Mieczyslaw Sowinski, the chairman of the state atomic energy commission, confirmed that the accident at the Soviet plant had occurred on Saturday and attributed it to "a leak in the construction of the building" that caused "radioactive substances to escape outside."
Sowinski said that measurements in Poland showed radiation reaching Poland between Sunday and Monday. Jaworowski said the highest level, 2.5 milli-roentgens per hour, was recorded Monday morning in the town of Mikolajki, about 120 miles north and slightly east of Warsaw. In other regions, he said, readings showed radiation Monday only 10 times more than normal.
Sowinski commented that "it is hard for us to be free of any doubts" about what is happening at the Soviet plant. However, he said, Polish readings showed that the source of radiation "was one, and it has stopped."
The experts and government spokesman Jerzy Urban refused to answer questions on the sensitive subject of when Poland had been informed by Soviet officials about the accident.
The two-hour press conference appeared intended in part to answer criticism that authorities had been too slow to warn citizens about the radiation cloud and had not provided adequate information about levels of exposure.
Jaworowski said officials had delayed announcing specific radiation measurements because they wished to avoid the "chaos" and "hysteria" he said followed precipitous statements by U.S. officials following the Three Mile Island nuclear accident in 1979. "Ours was specific concrete information rather than sensationalism," he said.
Dependents of western diplomats began leaving Poland today because of uncertainty over the danger, and the British government advised its citizens not to travel to Warsaw or northeastern Poland.

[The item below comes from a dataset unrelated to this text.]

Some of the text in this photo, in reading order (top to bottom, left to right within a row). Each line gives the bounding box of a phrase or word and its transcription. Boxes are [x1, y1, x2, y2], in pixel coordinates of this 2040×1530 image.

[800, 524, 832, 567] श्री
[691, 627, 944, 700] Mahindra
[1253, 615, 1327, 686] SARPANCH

A spokesman of the Canadian Embassy said a group of 12 dependents would leave for West Germany on a voluntary basis tomorrow, "because we can't get sufficient information both about the present situation and the future situation." The French Embassy advised dependents to leave Warsaw yesterday.

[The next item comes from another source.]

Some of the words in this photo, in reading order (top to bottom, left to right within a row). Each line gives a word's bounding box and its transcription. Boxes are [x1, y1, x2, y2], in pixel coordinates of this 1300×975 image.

A U.S. Embassy spokesman said tonight that no embassy employes or dependents had left the country and they had not been advised to do so. However, he said, U.S. officials here had taken the precaution of importing bottled water from Germany for its staff.

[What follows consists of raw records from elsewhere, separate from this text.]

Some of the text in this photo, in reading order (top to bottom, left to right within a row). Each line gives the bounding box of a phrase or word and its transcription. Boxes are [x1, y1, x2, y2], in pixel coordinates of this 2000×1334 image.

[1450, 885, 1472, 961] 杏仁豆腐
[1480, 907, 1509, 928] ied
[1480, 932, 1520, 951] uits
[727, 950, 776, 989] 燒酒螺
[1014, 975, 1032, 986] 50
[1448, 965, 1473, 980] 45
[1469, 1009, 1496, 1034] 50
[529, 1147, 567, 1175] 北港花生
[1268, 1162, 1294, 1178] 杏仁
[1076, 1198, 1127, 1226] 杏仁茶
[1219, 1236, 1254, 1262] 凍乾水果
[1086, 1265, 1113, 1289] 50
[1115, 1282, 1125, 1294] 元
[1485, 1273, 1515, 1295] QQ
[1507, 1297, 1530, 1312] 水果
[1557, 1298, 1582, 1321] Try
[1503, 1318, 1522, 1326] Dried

Leaflets distributed by opposition groups sharply criticized the lack of official information and citizens interviewed around the city commonly expressed anger at the government.
"We never would have known about this if it hadn't been for third parties in the West," complained Eva, a young woman who brought her 1-year-old son, Pavel, to a city park this afternoon. "I'd like to know the reasons why this happened, and I'd like to know whether it's safe to bring my child outdoors. But in fact we don't know what's going on."
Several persons said they feared they had learned of the danger too late and had not been able to take steps to protect themselves and their children when the radiation levels were at their highest. "I wasn't able to help myself," said a young, pregnant woman in a park, "and now no one is able to help me."
Still, many Poles appeared to have retained an ability to laugh at their predicament. At a public cabaret show in Warsaw last night, jokes were rife about what one wit called "the cloud of friendship" in mockery of official propaganda about Soviet-Polish relations. "May you have a radiant May 1," a performer told the audience.